Work instruction
Repeat each entry below exactly, omitting any picture it holds.

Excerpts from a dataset
**********

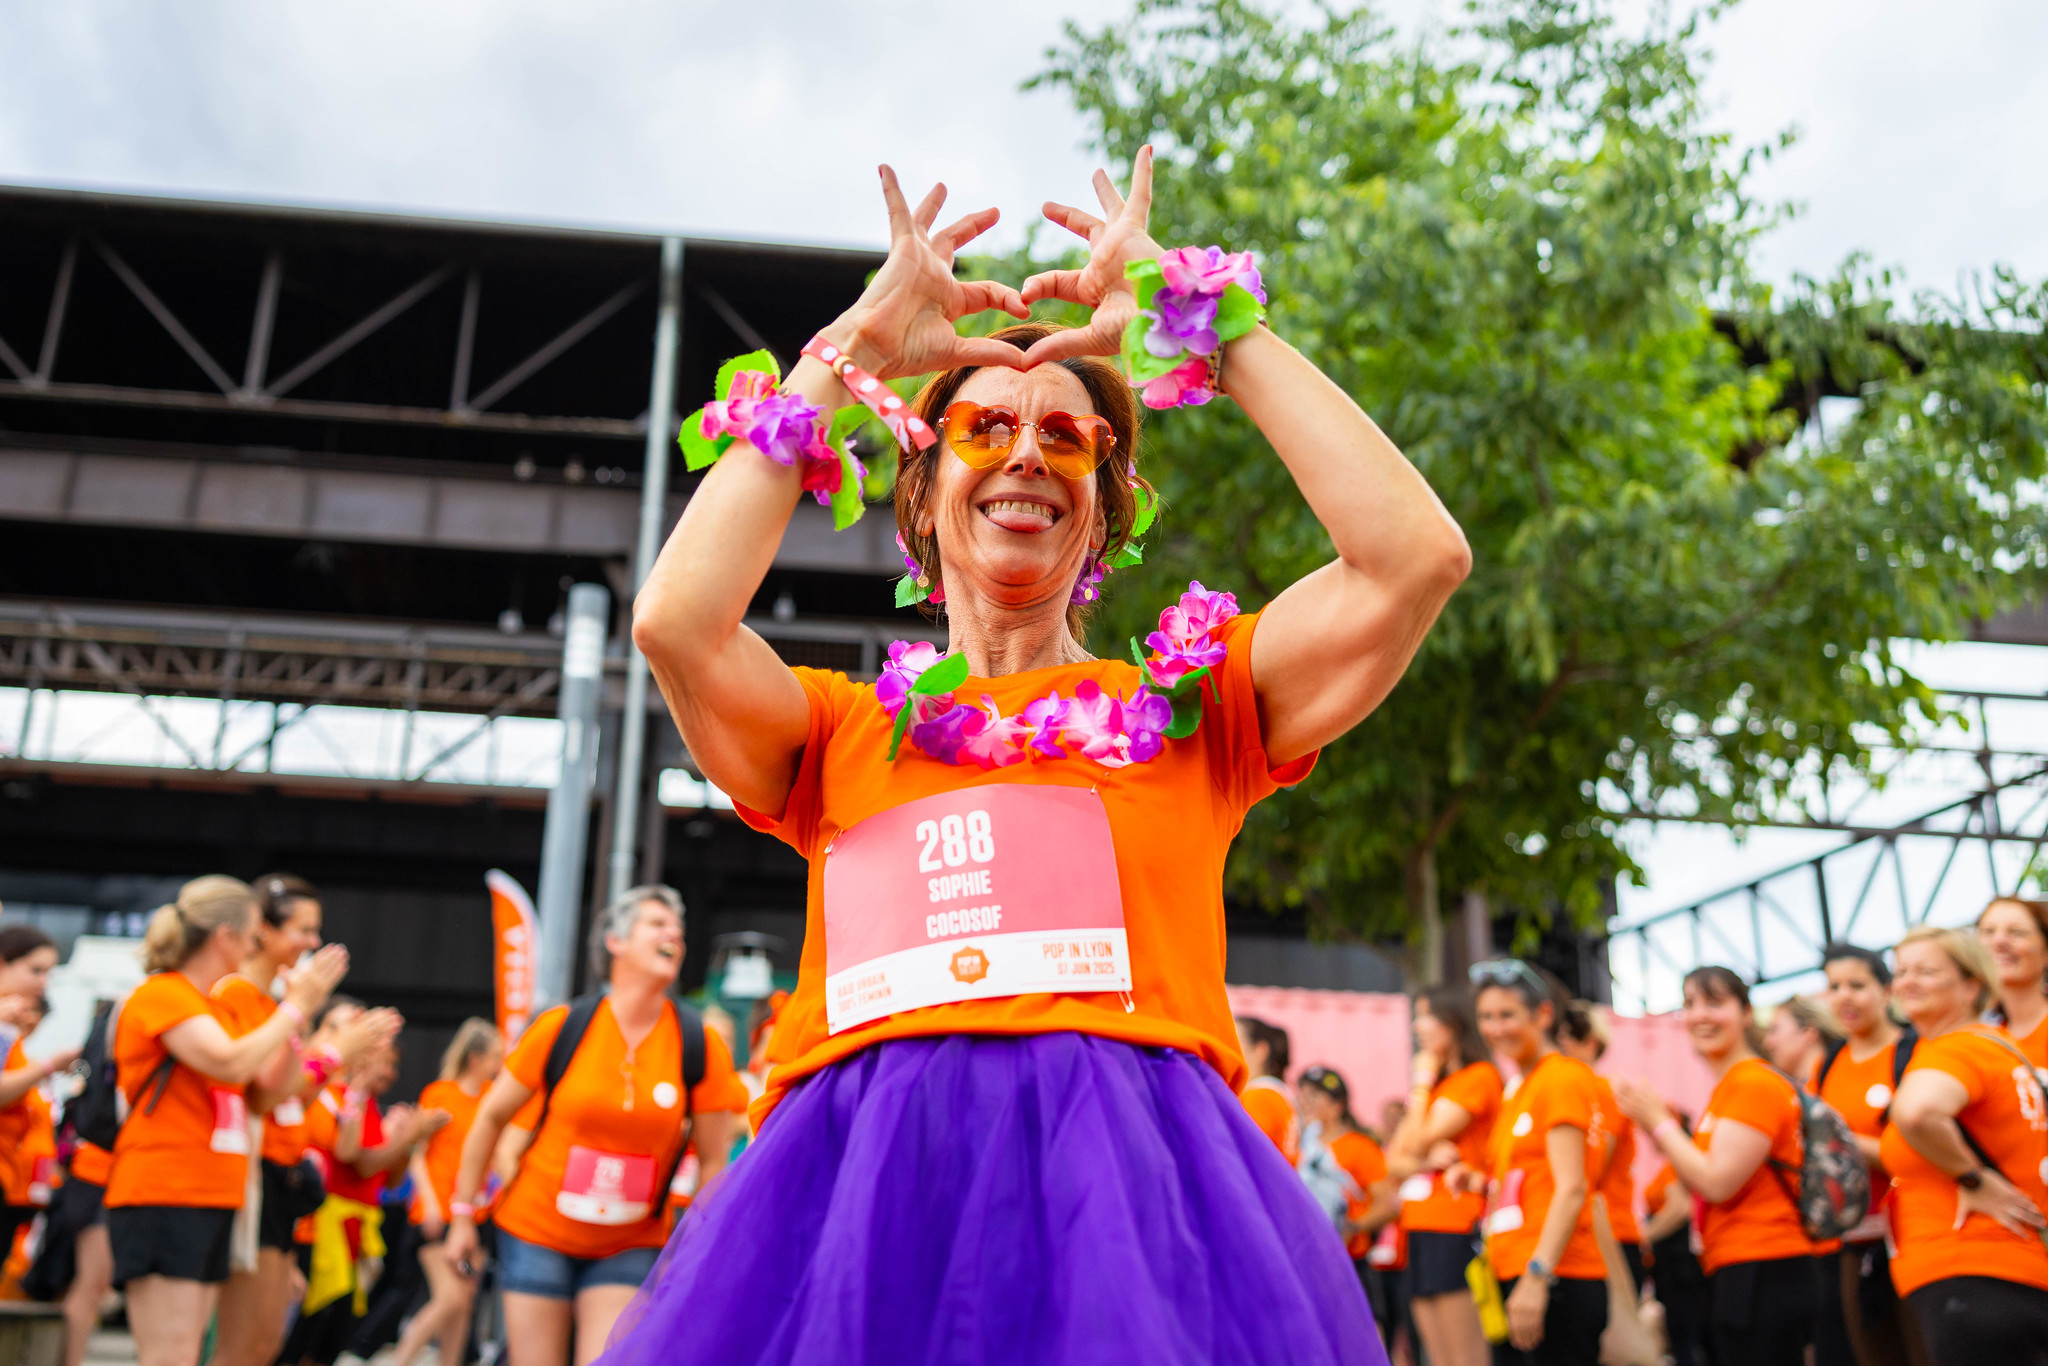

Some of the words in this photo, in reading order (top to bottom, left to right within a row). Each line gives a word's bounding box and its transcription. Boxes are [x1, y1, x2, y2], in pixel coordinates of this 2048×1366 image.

[916, 810, 995, 873] 288
[928, 869, 993, 903] SOPHIE
[926, 905, 1002, 939] COCOSOF
[1043, 942, 1065, 959] POP
[1069, 942, 1081, 958] IN
[1083, 941, 1113, 958] LYON
[1057, 962, 1068, 975] 07
[1072, 961, 1091, 975] JUIN
[1093, 961, 1115, 975] 2025
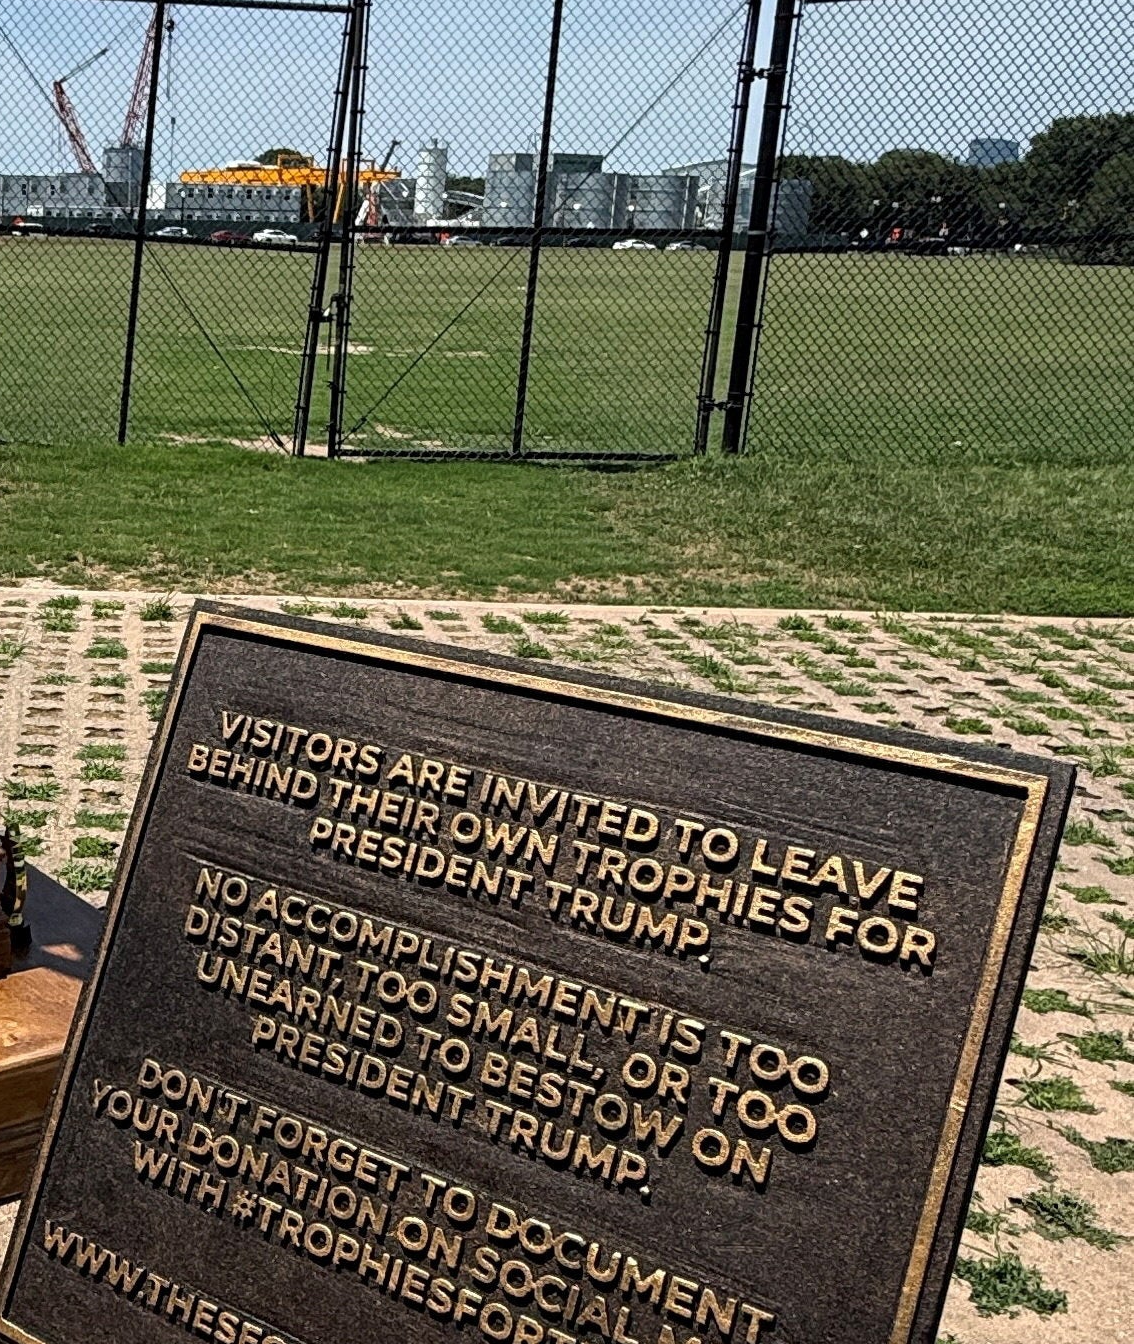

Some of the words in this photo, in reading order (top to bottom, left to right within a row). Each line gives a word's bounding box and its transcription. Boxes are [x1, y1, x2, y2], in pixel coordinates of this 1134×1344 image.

[187, 743, 317, 800] BEHIND
[328, 777, 440, 835] THEIR
[451, 812, 558, 865] OWN
[572, 840, 813, 933] TROPHIES
[825, 906, 936, 966] FOR
[221, 711, 382, 775] VISITORS
[387, 754, 471, 797] ARE
[479, 773, 658, 842] INVITED
[675, 818, 738, 863] TO
[751, 839, 924, 910] LEAVE
[309, 817, 533, 901] PRESIDENT
[544, 880, 710, 964] TRUMP.
[184, 904, 343, 990] DISTANT,
[356, 960, 438, 1014] TOO
[446, 992, 604, 1080] SMALL,
[622, 1052, 690, 1104] OR
[709, 1076, 816, 1143] TOO
[195, 867, 248, 906] NO
[255, 889, 649, 1034] ACCOMPLISHMENT
[659, 1014, 705, 1055] IS
[719, 1030, 829, 1094] TOO
[196, 951, 403, 1048] UNEARNED
[416, 1026, 471, 1073] TO
[479, 1051, 683, 1149] BESTOW
[691, 1128, 771, 1184] ON
[92, 1078, 180, 1143] YOUR
[185, 1122, 388, 1235] DONATION
[395, 1216, 463, 1268] ON
[133, 1139, 226, 1208] WITH
[137, 1058, 249, 1125] DON'T
[252, 1105, 410, 1193] FORGET
[420, 1173, 476, 1222] TO
[251, 1016, 475, 1120] PRESIDENT
[484, 1099, 651, 1196] TRUMP.
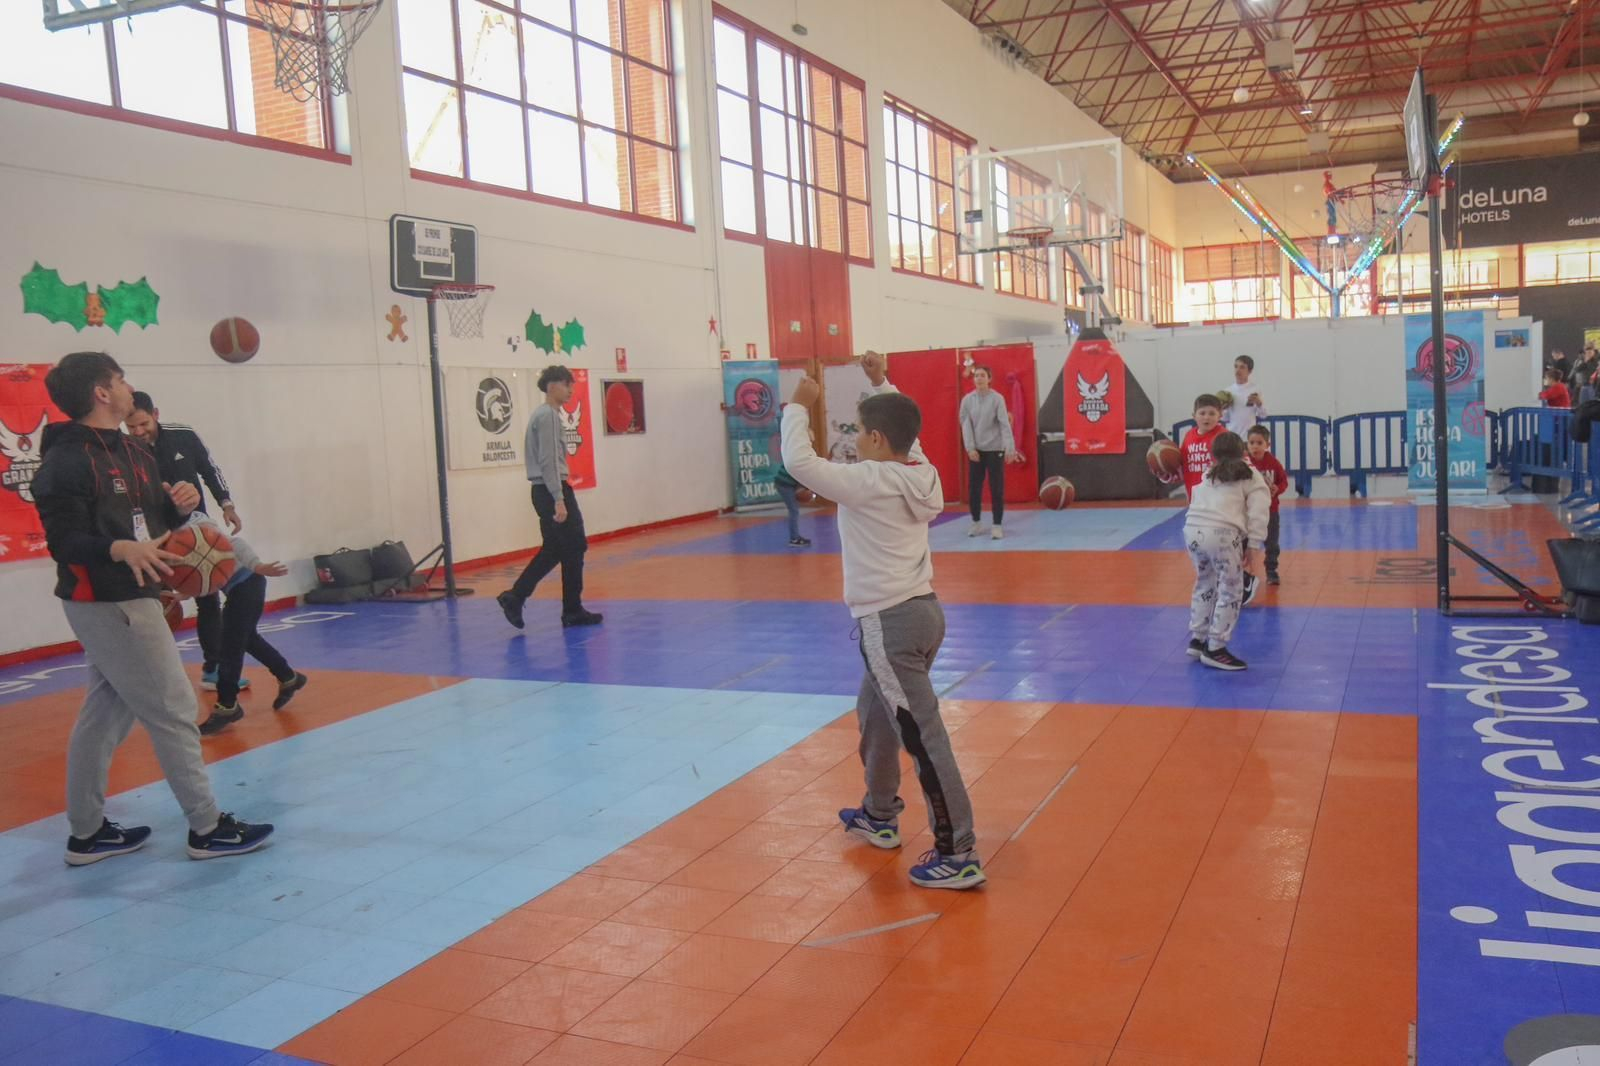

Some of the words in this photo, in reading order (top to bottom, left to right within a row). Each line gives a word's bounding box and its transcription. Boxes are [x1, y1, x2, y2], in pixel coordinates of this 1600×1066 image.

[1459, 186, 1548, 209] deLuna
[1461, 210, 1511, 224] HOTELS
[1416, 425, 1462, 443] HOA
[1187, 442, 1208, 454] WILL
[1416, 444, 1436, 461] DE
[739, 453, 770, 469] HORA
[1187, 452, 1212, 463] SANTA
[740, 468, 757, 484] DE
[1416, 460, 1476, 479] JUAR!
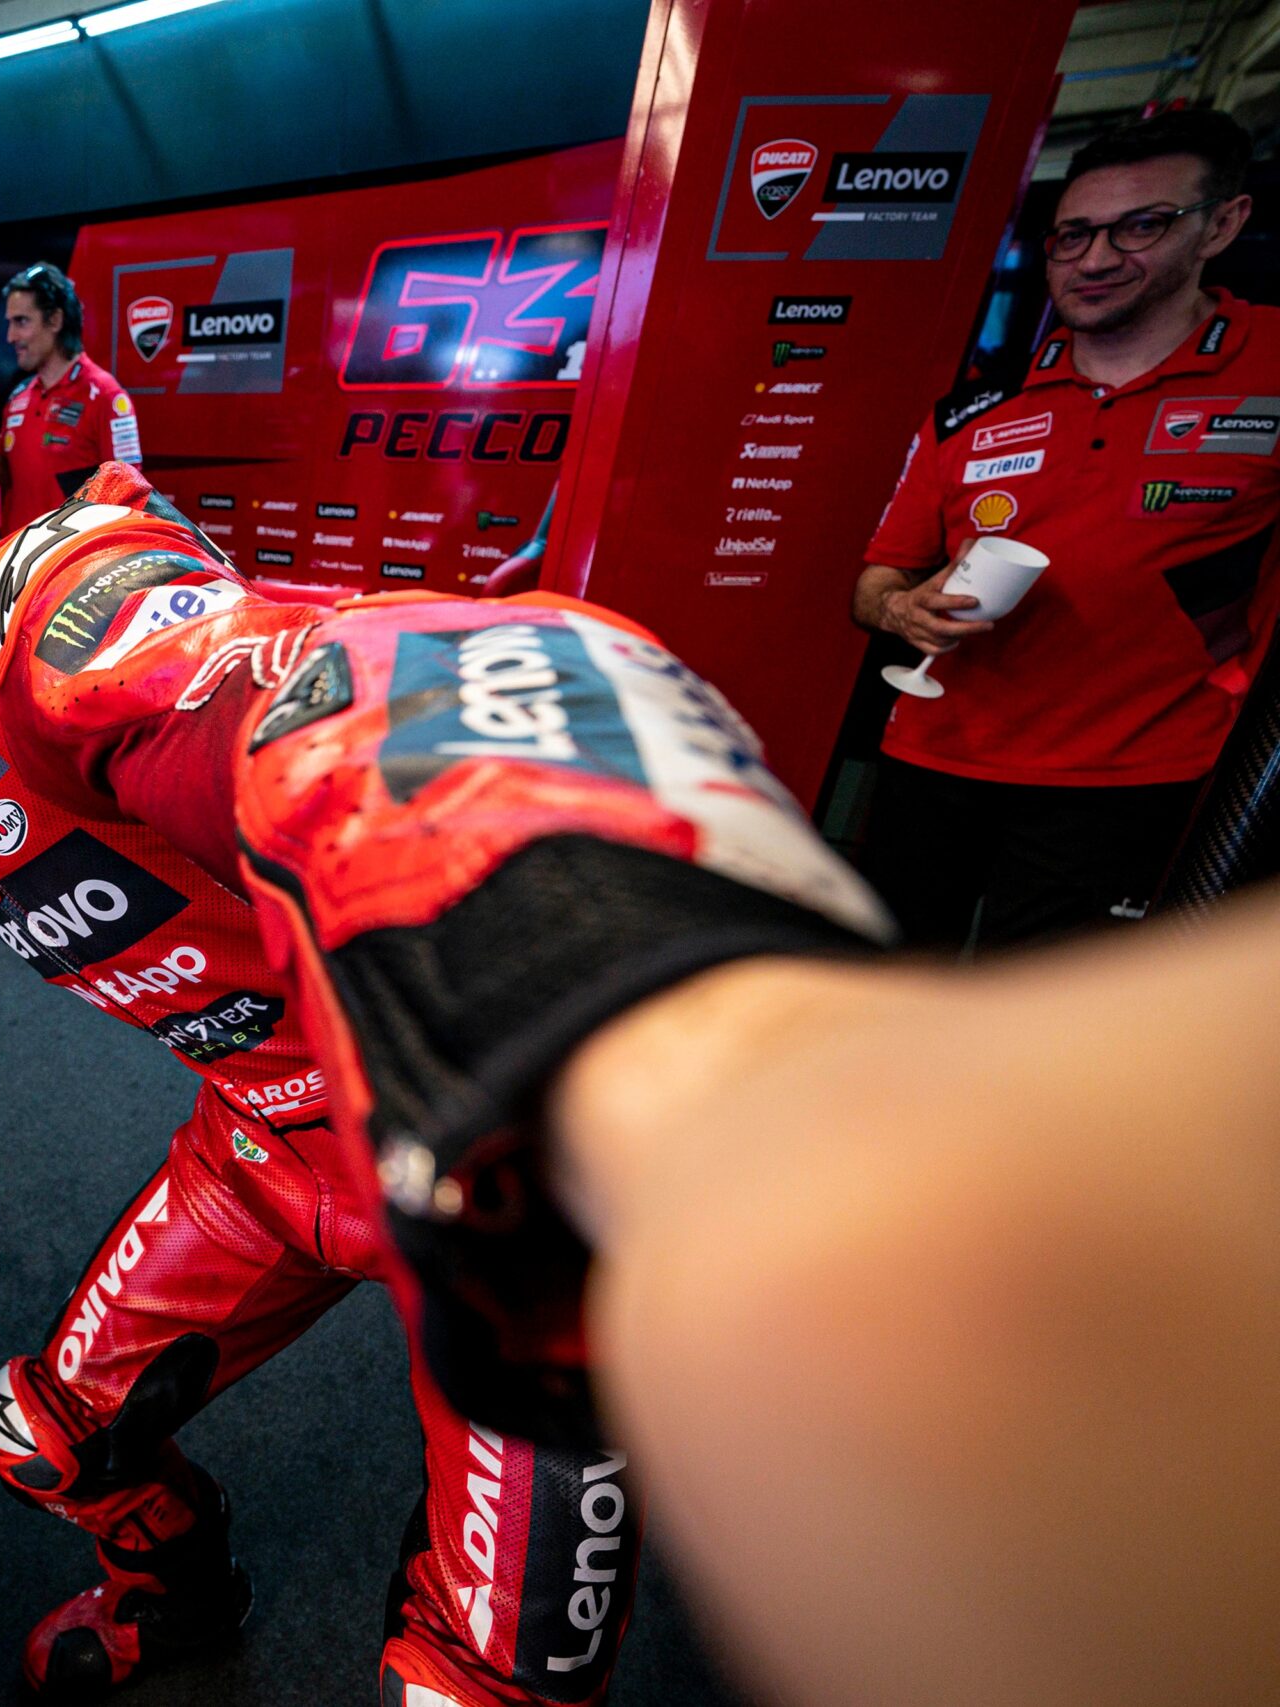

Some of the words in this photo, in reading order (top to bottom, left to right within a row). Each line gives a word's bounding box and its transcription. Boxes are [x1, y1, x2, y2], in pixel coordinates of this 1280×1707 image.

[758, 152, 811, 165] DUCATI
[836, 163, 949, 190] Lenovo
[867, 213, 907, 221] FACTORY
[911, 212, 937, 221] TEAM
[775, 302, 843, 319] Lenovo
[189, 313, 274, 337] Lenovo
[756, 414, 781, 424] Audi
[783, 414, 815, 425] Sport
[1213, 417, 1275, 429] Lenovo
[337, 411, 575, 463] PECCO
[988, 452, 1036, 475] riello
[746, 478, 792, 490] NetApp
[319, 506, 356, 518] Lenovo
[383, 565, 423, 578] Lenovo
[158, 997, 268, 1048] NSTER
[57, 1223, 146, 1382] DAIKO
[547, 1450, 628, 1673] Lenov

**********

Answer below
Some of the words in this photo, in reading order (top to bottom, left to right within a row). Each line gives a word's bounding box and its transcription. Boxes are [x1, y1, x2, y2], in pixel coordinates of this 2048×1366 image.

[916, 810, 995, 873] 288
[928, 869, 993, 903] SOPHIE
[926, 905, 1002, 939] COCOSOF
[1043, 942, 1065, 959] POP
[1069, 942, 1081, 958] IN
[1083, 941, 1113, 958] LYON
[1057, 962, 1068, 975] 07
[1072, 961, 1091, 975] JUIN
[1093, 961, 1115, 975] 2025

Some of the words in this photo, in reading order (top to bottom, left to right within a row). Each line gives a word's bounding box and its transcription. Boxes are [x1, y1, x2, y2], in pixel coordinates of this 1134×1344 image.

[187, 743, 317, 800] BEHIND
[328, 777, 440, 835] THEIR
[451, 812, 558, 865] OWN
[572, 840, 813, 933] TROPHIES
[825, 906, 936, 966] FOR
[221, 711, 382, 775] VISITORS
[387, 754, 471, 797] ARE
[479, 773, 658, 842] INVITED
[675, 818, 738, 863] TO
[751, 839, 924, 910] LEAVE
[309, 817, 533, 901] PRESIDENT
[544, 880, 710, 964] TRUMP.
[184, 904, 343, 990] DISTANT,
[356, 960, 438, 1014] TOO
[446, 992, 604, 1080] SMALL,
[622, 1052, 690, 1104] OR
[709, 1076, 816, 1143] TOO
[195, 867, 248, 906] NO
[255, 889, 649, 1034] ACCOMPLISHMENT
[659, 1014, 705, 1055] IS
[719, 1030, 829, 1094] TOO
[196, 951, 403, 1048] UNEARNED
[416, 1026, 471, 1073] TO
[479, 1051, 683, 1149] BESTOW
[691, 1128, 771, 1184] ON
[92, 1078, 180, 1143] YOUR
[185, 1122, 388, 1235] DONATION
[395, 1216, 463, 1268] ON
[133, 1139, 226, 1208] WITH
[137, 1058, 249, 1125] DON'T
[252, 1105, 410, 1193] FORGET
[420, 1173, 476, 1222] TO
[251, 1016, 475, 1120] PRESIDENT
[484, 1099, 651, 1196] TRUMP.

Some of the words in this photo, in reading order (top to bottom, left to right within a row). Each line gives a word's bounding box and its transcription. Boxes are [x1, y1, x2, y2], in pixel coordinates of this 1600×1066 image.

[1459, 186, 1548, 209] deLuna
[1461, 210, 1511, 224] HOTELS
[1416, 425, 1462, 443] HOA
[1187, 442, 1208, 454] WILL
[1416, 444, 1436, 461] DE
[739, 453, 770, 469] HORA
[1187, 452, 1212, 463] SANTA
[740, 468, 757, 484] DE
[1416, 460, 1476, 479] JUAR!

Some of the words in this photo, in reading order (top to bottom, left to right within a row). Each line gives a word's bounding box and its transcription. Boxes are [x1, y1, x2, y2], in pixel coordinates of this 1280×1707 image.

[758, 152, 811, 165] DUCATI
[836, 163, 949, 190] Lenovo
[867, 213, 907, 221] FACTORY
[911, 212, 937, 221] TEAM
[775, 302, 843, 319] Lenovo
[189, 313, 274, 337] Lenovo
[756, 414, 781, 424] Audi
[783, 414, 815, 425] Sport
[1213, 417, 1275, 429] Lenovo
[337, 411, 575, 463] PECCO
[988, 452, 1036, 475] riello
[746, 478, 792, 490] NetApp
[319, 506, 356, 518] Lenovo
[383, 565, 423, 578] Lenovo
[158, 997, 268, 1048] NSTER
[57, 1223, 146, 1382] DAIKO
[547, 1450, 628, 1673] Lenov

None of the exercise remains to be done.